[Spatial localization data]
-------------------------

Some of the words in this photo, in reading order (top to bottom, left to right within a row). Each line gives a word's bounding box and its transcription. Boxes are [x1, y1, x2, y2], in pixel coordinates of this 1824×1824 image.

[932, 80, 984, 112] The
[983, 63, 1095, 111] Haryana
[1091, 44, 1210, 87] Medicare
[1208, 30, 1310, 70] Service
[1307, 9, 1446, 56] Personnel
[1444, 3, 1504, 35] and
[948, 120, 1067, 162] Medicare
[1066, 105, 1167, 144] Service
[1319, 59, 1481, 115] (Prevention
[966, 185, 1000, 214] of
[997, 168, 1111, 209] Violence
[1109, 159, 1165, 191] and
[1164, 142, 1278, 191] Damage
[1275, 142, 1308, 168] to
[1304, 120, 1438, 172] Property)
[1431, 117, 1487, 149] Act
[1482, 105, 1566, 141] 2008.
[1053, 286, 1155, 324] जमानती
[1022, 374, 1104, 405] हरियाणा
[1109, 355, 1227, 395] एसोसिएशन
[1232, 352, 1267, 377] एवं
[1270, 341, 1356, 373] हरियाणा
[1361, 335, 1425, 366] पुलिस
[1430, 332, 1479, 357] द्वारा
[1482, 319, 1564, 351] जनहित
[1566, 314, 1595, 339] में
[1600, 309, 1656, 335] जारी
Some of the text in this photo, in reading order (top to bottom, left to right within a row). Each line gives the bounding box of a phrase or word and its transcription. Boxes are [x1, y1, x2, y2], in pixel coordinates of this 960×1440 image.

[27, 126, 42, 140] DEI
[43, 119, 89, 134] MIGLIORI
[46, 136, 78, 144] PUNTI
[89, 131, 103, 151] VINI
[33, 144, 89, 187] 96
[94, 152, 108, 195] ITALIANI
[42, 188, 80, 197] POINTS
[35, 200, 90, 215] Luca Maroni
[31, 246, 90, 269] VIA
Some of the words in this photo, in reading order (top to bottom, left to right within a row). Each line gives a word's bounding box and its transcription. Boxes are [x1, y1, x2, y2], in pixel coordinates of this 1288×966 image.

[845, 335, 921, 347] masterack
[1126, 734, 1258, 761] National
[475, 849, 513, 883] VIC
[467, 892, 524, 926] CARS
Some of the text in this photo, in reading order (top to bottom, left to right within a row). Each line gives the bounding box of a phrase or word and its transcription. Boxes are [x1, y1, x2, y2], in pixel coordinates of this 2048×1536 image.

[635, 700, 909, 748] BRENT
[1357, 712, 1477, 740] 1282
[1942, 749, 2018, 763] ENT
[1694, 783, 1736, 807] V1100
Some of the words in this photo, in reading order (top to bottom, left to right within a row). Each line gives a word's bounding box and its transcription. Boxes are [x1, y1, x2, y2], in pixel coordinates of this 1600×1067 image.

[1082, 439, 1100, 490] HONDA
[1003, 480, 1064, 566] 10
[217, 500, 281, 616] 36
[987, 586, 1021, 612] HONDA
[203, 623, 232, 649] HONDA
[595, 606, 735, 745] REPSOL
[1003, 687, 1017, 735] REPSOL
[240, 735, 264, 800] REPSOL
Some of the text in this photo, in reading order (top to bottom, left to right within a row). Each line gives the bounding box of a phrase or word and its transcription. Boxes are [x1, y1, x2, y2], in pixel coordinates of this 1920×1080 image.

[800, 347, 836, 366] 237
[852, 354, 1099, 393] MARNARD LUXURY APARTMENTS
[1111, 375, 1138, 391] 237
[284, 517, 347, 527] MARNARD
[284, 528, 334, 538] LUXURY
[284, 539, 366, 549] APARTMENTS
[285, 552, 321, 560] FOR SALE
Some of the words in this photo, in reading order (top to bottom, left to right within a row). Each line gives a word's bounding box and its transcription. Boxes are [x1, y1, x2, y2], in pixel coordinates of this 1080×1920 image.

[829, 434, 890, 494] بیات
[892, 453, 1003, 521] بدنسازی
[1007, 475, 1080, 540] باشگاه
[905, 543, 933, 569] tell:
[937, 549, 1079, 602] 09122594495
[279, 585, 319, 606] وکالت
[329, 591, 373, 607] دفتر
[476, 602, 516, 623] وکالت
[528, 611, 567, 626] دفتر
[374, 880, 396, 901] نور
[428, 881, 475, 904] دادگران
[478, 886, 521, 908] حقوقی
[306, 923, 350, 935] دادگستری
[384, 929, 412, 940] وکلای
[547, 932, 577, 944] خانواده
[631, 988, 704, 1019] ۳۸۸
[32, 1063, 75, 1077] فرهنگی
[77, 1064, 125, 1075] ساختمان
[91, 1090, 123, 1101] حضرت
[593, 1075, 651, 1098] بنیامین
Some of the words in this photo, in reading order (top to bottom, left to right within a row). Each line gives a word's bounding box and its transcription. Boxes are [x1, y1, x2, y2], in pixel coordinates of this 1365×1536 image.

-------------------------

#### [WHAT IS REQUIRED]
Provide all the records again, word for word.

#### [TASK ANSWER]
Some of the words in this photo, in reading order (top to bottom, left to right within a row). Each line gives a word's bounding box and its transcription. Boxes are [x1, y1, x2, y2], in pixel coordinates of this 1824×1824 image.

[932, 80, 984, 112] The
[983, 63, 1095, 111] Haryana
[1091, 44, 1210, 87] Medicare
[1208, 30, 1310, 70] Service
[1307, 9, 1446, 56] Personnel
[1444, 3, 1504, 35] and
[948, 120, 1067, 162] Medicare
[1066, 105, 1167, 144] Service
[1319, 59, 1481, 115] (Prevention
[966, 185, 1000, 214] of
[997, 168, 1111, 209] Violence
[1109, 159, 1165, 191] and
[1164, 142, 1278, 191] Damage
[1275, 142, 1308, 168] to
[1304, 120, 1438, 172] Property)
[1431, 117, 1487, 149] Act
[1482, 105, 1566, 141] 2008.
[1053, 286, 1155, 324] जमानती
[1022, 374, 1104, 405] हरियाणा
[1109, 355, 1227, 395] एसोसिएशन
[1232, 352, 1267, 377] एवं
[1270, 341, 1356, 373] हरियाणा
[1361, 335, 1425, 366] पुलिस
[1430, 332, 1479, 357] द्वारा
[1482, 319, 1564, 351] जनहित
[1566, 314, 1595, 339] में
[1600, 309, 1656, 335] जारी
Some of the text in this photo, in reading order (top to bottom, left to right within a row). Each line gives the bounding box of a phrase or word and its transcription. Boxes are [x1, y1, x2, y2], in pixel coordinates of this 960×1440 image.

[27, 126, 42, 140] DEI
[43, 119, 89, 134] MIGLIORI
[46, 136, 78, 144] PUNTI
[89, 131, 103, 151] VINI
[33, 144, 89, 187] 96
[94, 152, 108, 195] ITALIANI
[42, 188, 80, 197] POINTS
[35, 200, 90, 215] Luca Maroni
[31, 246, 90, 269] VIA
Some of the words in this photo, in reading order (top to bottom, left to right within a row). Each line gives a word's bounding box and its transcription. Boxes are [x1, y1, x2, y2], in pixel coordinates of this 1288×966 image.

[845, 335, 921, 347] masterack
[1126, 734, 1258, 761] National
[475, 849, 513, 883] VIC
[467, 892, 524, 926] CARS
Some of the text in this photo, in reading order (top to bottom, left to right within a row). Each line gives the bounding box of a phrase or word and its transcription. Boxes are [x1, y1, x2, y2], in pixel coordinates of this 2048×1536 image.

[635, 700, 909, 748] BRENT
[1357, 712, 1477, 740] 1282
[1942, 749, 2018, 763] ENT
[1694, 783, 1736, 807] V1100
Some of the words in this photo, in reading order (top to bottom, left to right within a row). Each line gives a word's bounding box and its transcription. Boxes are [x1, y1, x2, y2], in pixel coordinates of this 1600×1067 image.

[1082, 439, 1100, 490] HONDA
[1003, 480, 1064, 566] 10
[217, 500, 281, 616] 36
[987, 586, 1021, 612] HONDA
[203, 623, 232, 649] HONDA
[595, 606, 735, 745] REPSOL
[1003, 687, 1017, 735] REPSOL
[240, 735, 264, 800] REPSOL
Some of the text in this photo, in reading order (top to bottom, left to right within a row). Each line gives the bounding box of a phrase or word and its transcription. Boxes are [x1, y1, x2, y2], in pixel coordinates of this 1920×1080 image.

[800, 347, 836, 366] 237
[852, 354, 1099, 393] MARNARD LUXURY APARTMENTS
[1111, 375, 1138, 391] 237
[284, 517, 347, 527] MARNARD
[284, 528, 334, 538] LUXURY
[284, 539, 366, 549] APARTMENTS
[285, 552, 321, 560] FOR SALE
Some of the words in this photo, in reading order (top to bottom, left to right within a row). Each line gives a word's bounding box and its transcription. Boxes are [x1, y1, x2, y2], in pixel coordinates of this 1080×1920 image.

[829, 434, 890, 494] بیات
[892, 453, 1003, 521] بدنسازی
[1007, 475, 1080, 540] باشگاه
[905, 543, 933, 569] tell:
[937, 549, 1079, 602] 09122594495
[279, 585, 319, 606] وکالت
[329, 591, 373, 607] دفتر
[476, 602, 516, 623] وکالت
[528, 611, 567, 626] دفتر
[374, 880, 396, 901] نور
[428, 881, 475, 904] دادگران
[478, 886, 521, 908] حقوقی
[306, 923, 350, 935] دادگستری
[384, 929, 412, 940] وکلای
[547, 932, 577, 944] خانواده
[631, 988, 704, 1019] ۳۸۸
[32, 1063, 75, 1077] فرهنگی
[77, 1064, 125, 1075] ساختمان
[91, 1090, 123, 1101] حضرت
[593, 1075, 651, 1098] بنیامین
Some of the words in this photo, in reading order (top to bottom, left to right within a row). Each line gives a word's bounding box and its transcription. Boxes are [x1, y1, x2, y2], in pixel coordinates of this 1365×1536 image.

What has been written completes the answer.